Emulate, a provider of next-generation in vitro models, today announced its new colon immune cell recruitment application, enabling a human-relevant preclinical assessment of inflammatory bowel disease (IBD) drug candidates.
“With this new application, we now offer the only human-based research model shown to be capable of modeling colon- and inflammation-specific immune recruitment and downstream effects, providing researchers with unparalleled capabilities to investigate the mechanisms of IBD,” said Emulate Chief Scientific Officer Lorna Ewart, PhD. “This comprehensive model will help IBD researchers, struggling to accurately model species-specific immune response, to better understand the complexity of immune response in IBD and the effects of novel drug candidates to treat this disease.”
IBD is characterized by uncontrolled activation of intestinal immune cells, which results in a pro-inflammatory cytokine loop that leads to chronic intestinal inflammation, damages the intestinal barrier, and increases the risk of further complications such as fibrosis or cancer.
The Colon Intestine-Chip is a physiologically relevant model of the human colonic epithelial-endothelial interface, containing biopsy-derived human colonic organoids in the top channel and colonic human intestinal microvascular endothelial cells in the bottom channel. The cells are cultured in a dynamic microenvironment with organ-relevant mechanical forces—media flow to induce shear stress and cyclic stretch to emulate intestinal peristalsis—resulting in improved cell morphology and functionality and in vivo-like gene expression.
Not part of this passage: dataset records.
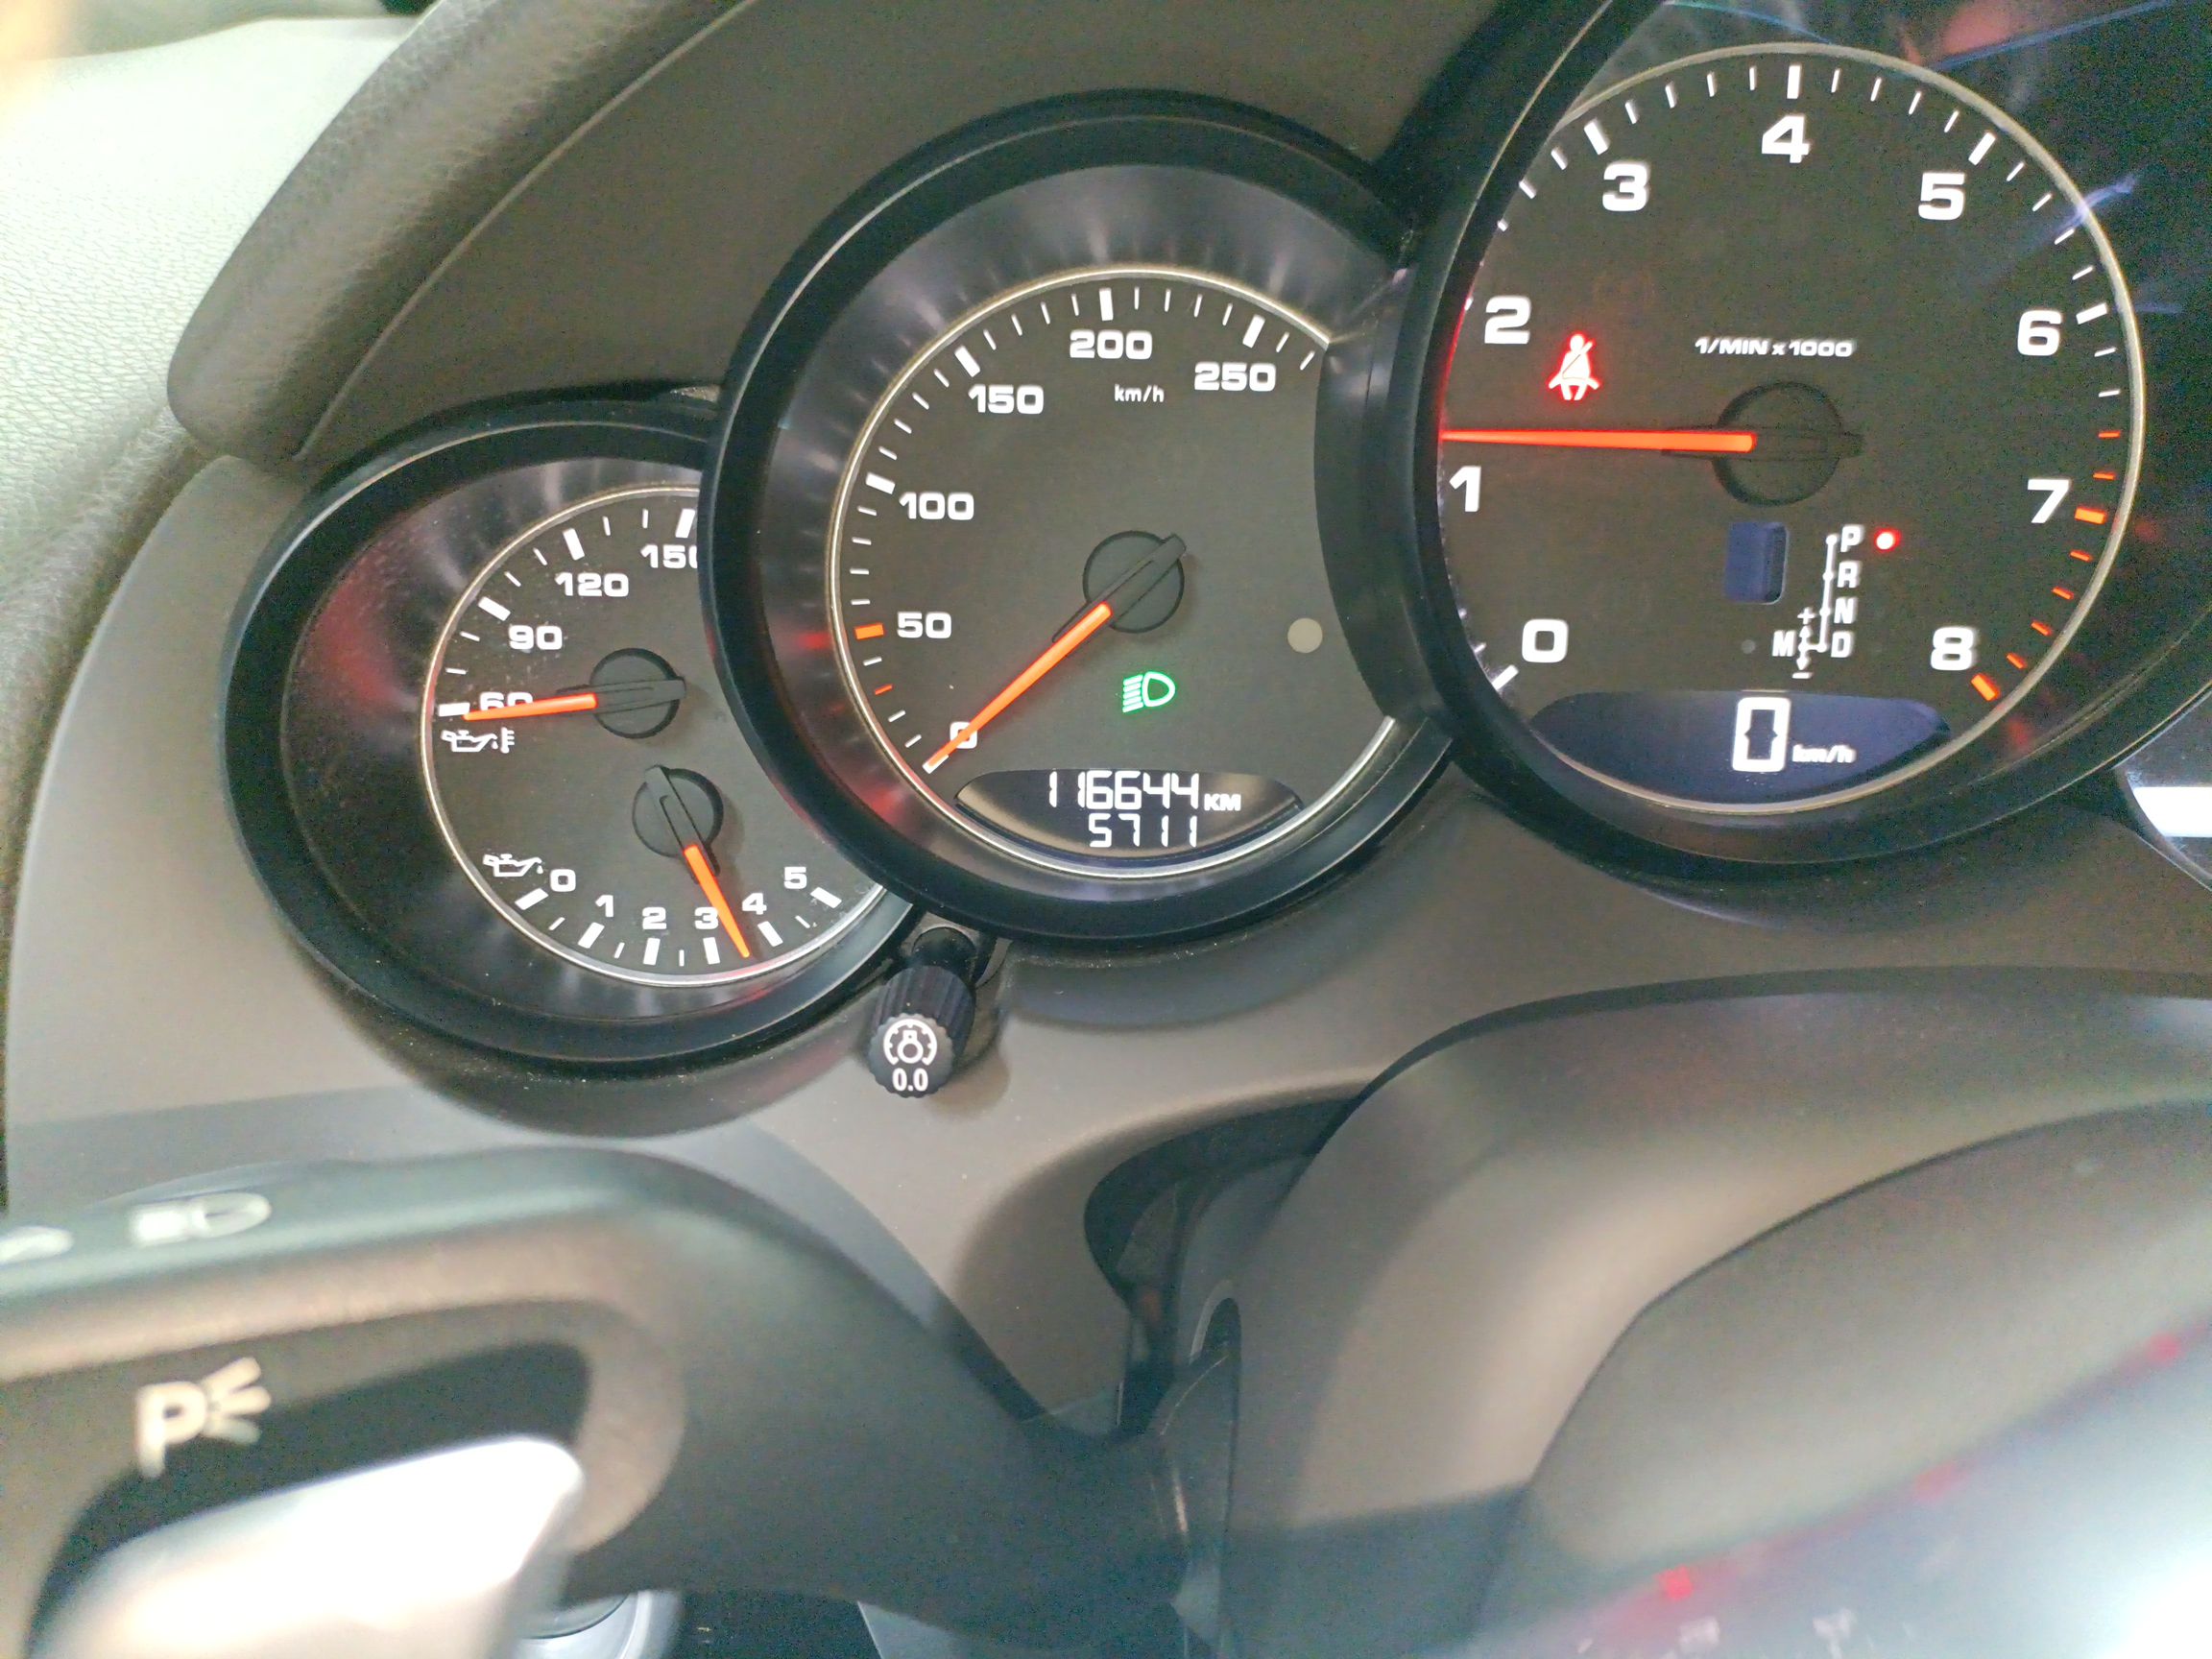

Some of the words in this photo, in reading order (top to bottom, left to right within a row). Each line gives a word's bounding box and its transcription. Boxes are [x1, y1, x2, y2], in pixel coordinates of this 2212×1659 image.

[1761, 115, 1810, 163] 4
[1602, 162, 1649, 211] 3
[1918, 173, 1964, 221] 5
[1484, 297, 1530, 345] 2
[2017, 310, 2062, 356] 6
[1070, 330, 1152, 359] 200
[1695, 338, 1768, 357] 1/MIN
[1194, 364, 1276, 392] 250
[970, 385, 1044, 414] 150
[1115, 385, 1165, 402] km/h
[1450, 468, 1480, 512] 1
[2027, 479, 2069, 523] 7
[899, 493, 974, 520] 100
[1840, 524, 1862, 552] P
[556, 573, 629, 596] 120
[1839, 562, 1858, 588] R
[1835, 597, 1855, 622] N
[509, 626, 563, 650] 90
[898, 613, 951, 638] 50
[1523, 619, 1567, 661] 0
[1772, 634, 1792, 657] M
[1832, 632, 1851, 658] D
[1931, 627, 1978, 670] 8
[1734, 697, 1789, 772] 0
[1048, 770, 1198, 810] 116644
[1205, 794, 1240, 811] KM
[1090, 814, 1197, 848] 5711
[551, 869, 575, 892] 0
[783, 867, 806, 889] 5
[595, 895, 613, 916] 1
[741, 892, 767, 914] 4
[642, 907, 667, 929] 2
[694, 907, 718, 929] 3
[892, 1068, 928, 1091] 0.0
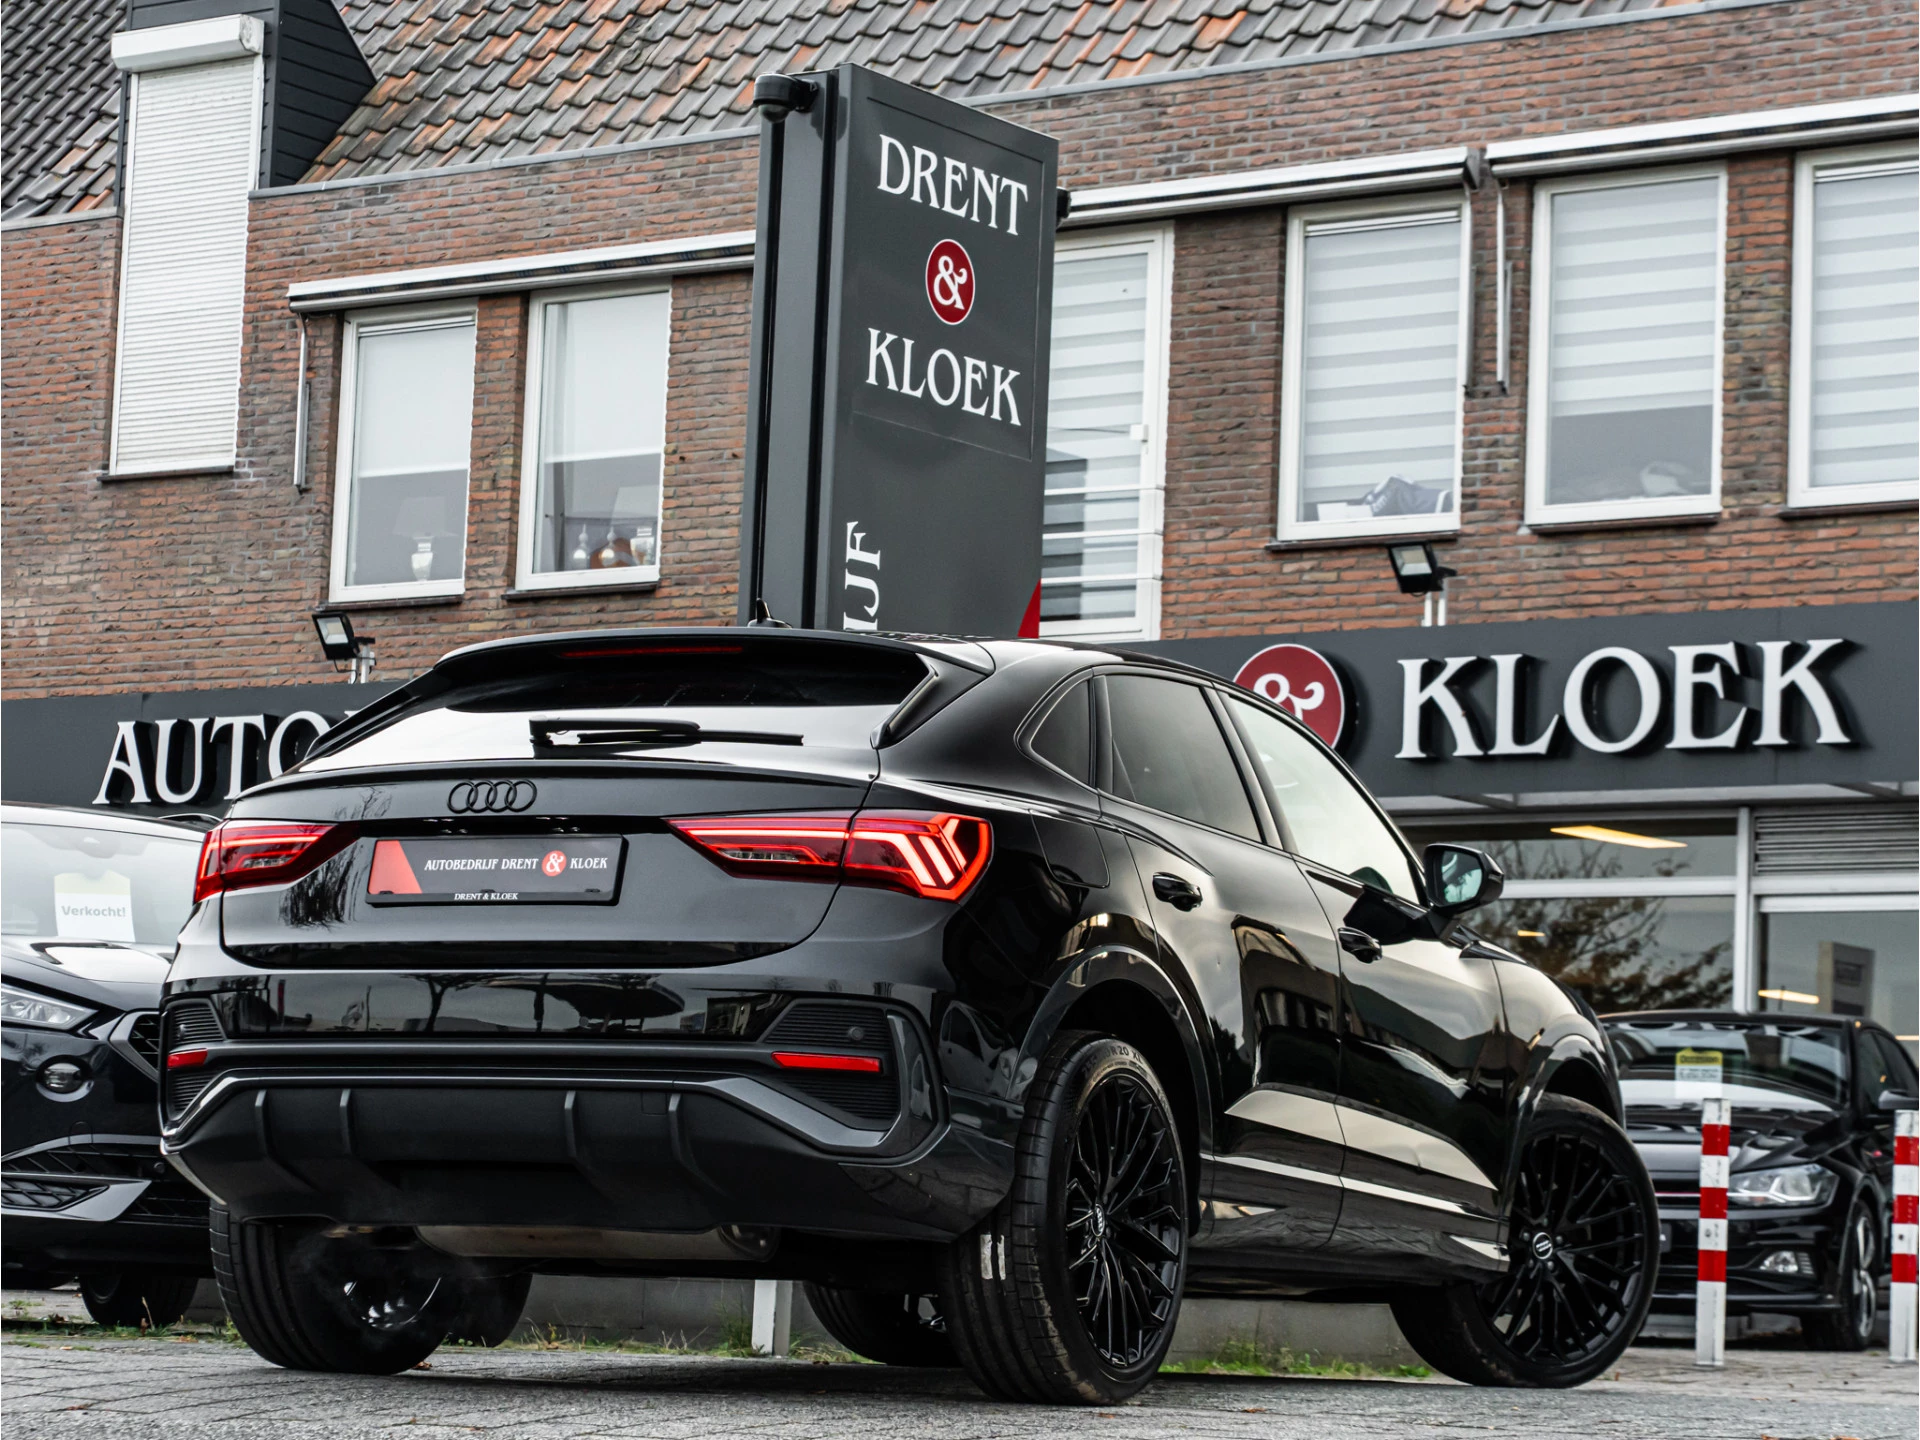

In this new immune cell recruitment application, researchers can perfuse immune cells through the vascular channel of the Colon Intestine-Chip in the presence of inflammatory priming stimuli and thereby model four key functionalities of immune response relevant to IBD in a single model: 1) inflammation- and gut-specific binding to vasculature under relevant shear forces, 2) migration through vasculature into colon tissue, 3) immune activation and downstream effector function, and 4) impact on colon tissue and barrier integrity.